His consciousness had returned to his flesh. This was where he belonged. He was determined never to leave his body again.

Because of the strange field, dreams and old friends tried to call him. Klane studiously ignored the ghosts. He had been to the hive and to the approaching cyborg fleet. He had expanded his mental powers considerably. The best thing would be to gain time to understand all that he’d learned. Right now, he didn’t have the time. He had to escape the demons—the Kresh.

I’m trapped under a reality field. My only ally is the dubious Mentalist Niens, a man in love with pay girls
.

Klane’s understanding of his place in the Fenris System had also grown. A war raged on Fenris II. A Chirr fleet readied itself for launching.
Are the insects and cyborgs allies?
He hadn’t sensed that in the Prime Web-Mind, but that didn’t mean it wasn’t true.

In any case, that didn’t matter in the here and now; escaping the Kresh did. Klane didn’t think the Kresh would believe him concerning the two approaching threats. Besides, how would it help him or help humanity if the Kresh killed him?
They
will
kill me. Once they realize the extent of my power, they cannot afford to keep me alive
.

Klane tried to sit up, but found that impossible. The reality field played tricks on his nervous system. His mind had likely become the strongest in the Fenris System, but it couldn’t operate with full potential under this numbing energy blanket.

You must play within the parameters. You are the lemper, and you must turn your opponent’s strength against him
.
Maybe Niens had shown him the way to do this. His psi-power was useless at the moment. He’d have to rely on simple imagination and craft, just as he’d done most of his life.

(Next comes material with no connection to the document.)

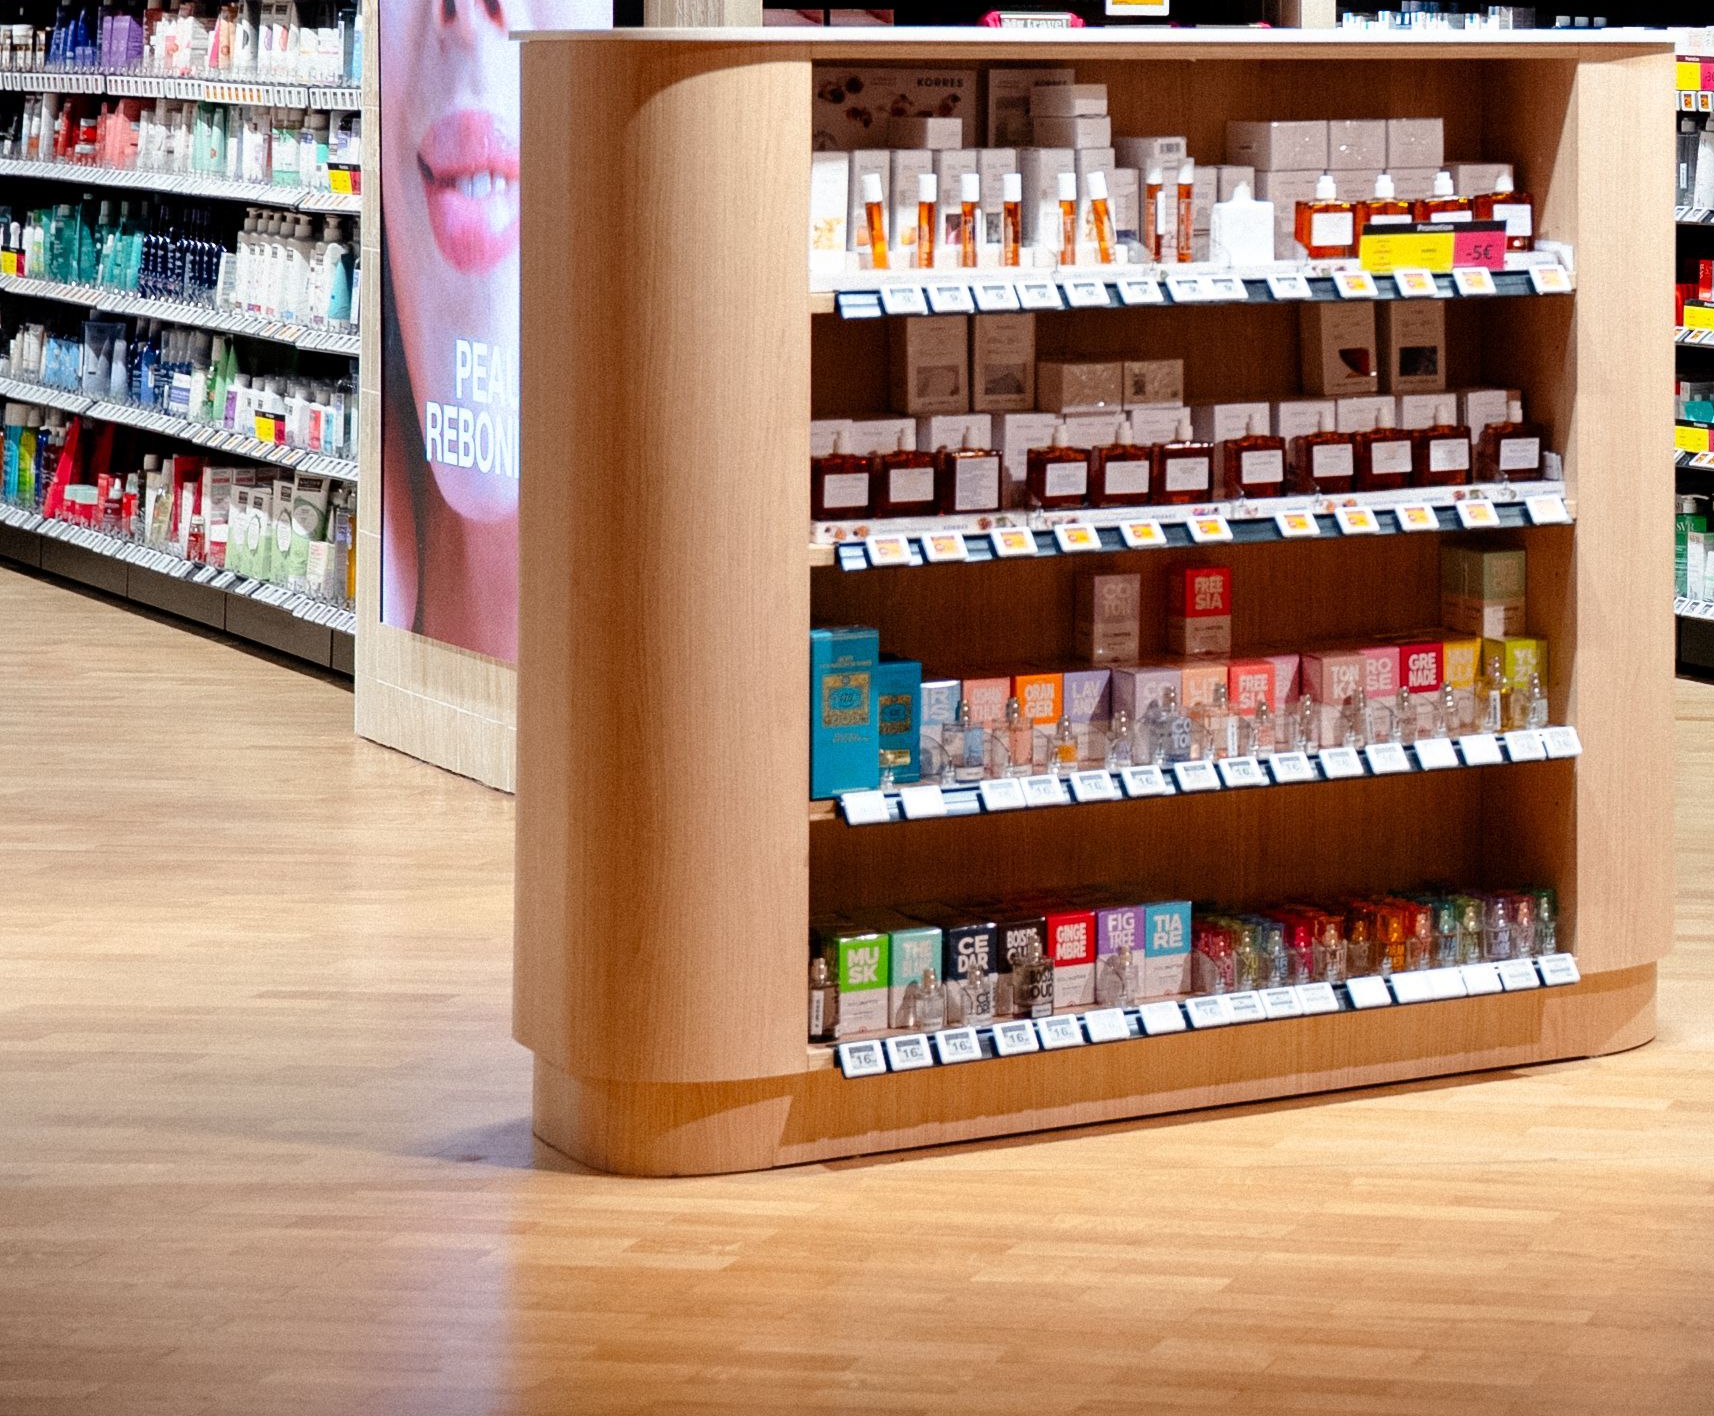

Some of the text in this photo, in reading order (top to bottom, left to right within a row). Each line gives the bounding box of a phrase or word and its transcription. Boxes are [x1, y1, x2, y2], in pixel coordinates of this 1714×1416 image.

Turning his head, Klane stared at the shimmering field. He willed his small, six-year-old self into existence. After a time, a fuzzy image of the boy appeared.

“That isn’t good enough,” Klane whispered.
Remember . . . remember
. He did, until the boy Klane held a small stone that he religiously polished with gat skin. The boy regarded him.

“Who are you?” the boy asked.

“You know who I am.”

The boy frowned. “You’re me?”

“That’s close enough. Do you know where you are?”

“In a demon . . .
laboratory
,” the boy said.

“Right,” Klane said. He wondered if devices picked up his speech. Most certainly, they existed and recorded everything he muttered. He’d seen that in the flash of Niens’s surface thoughts. He would have to remember that.

“You know what to do,” Klane said.

The boy frowned as he rubbed the stone. “I have to relay a message.”

“Then do it,” Klane whispered.

The boy heaved a great sigh. He faced the shimmering field and walked into it.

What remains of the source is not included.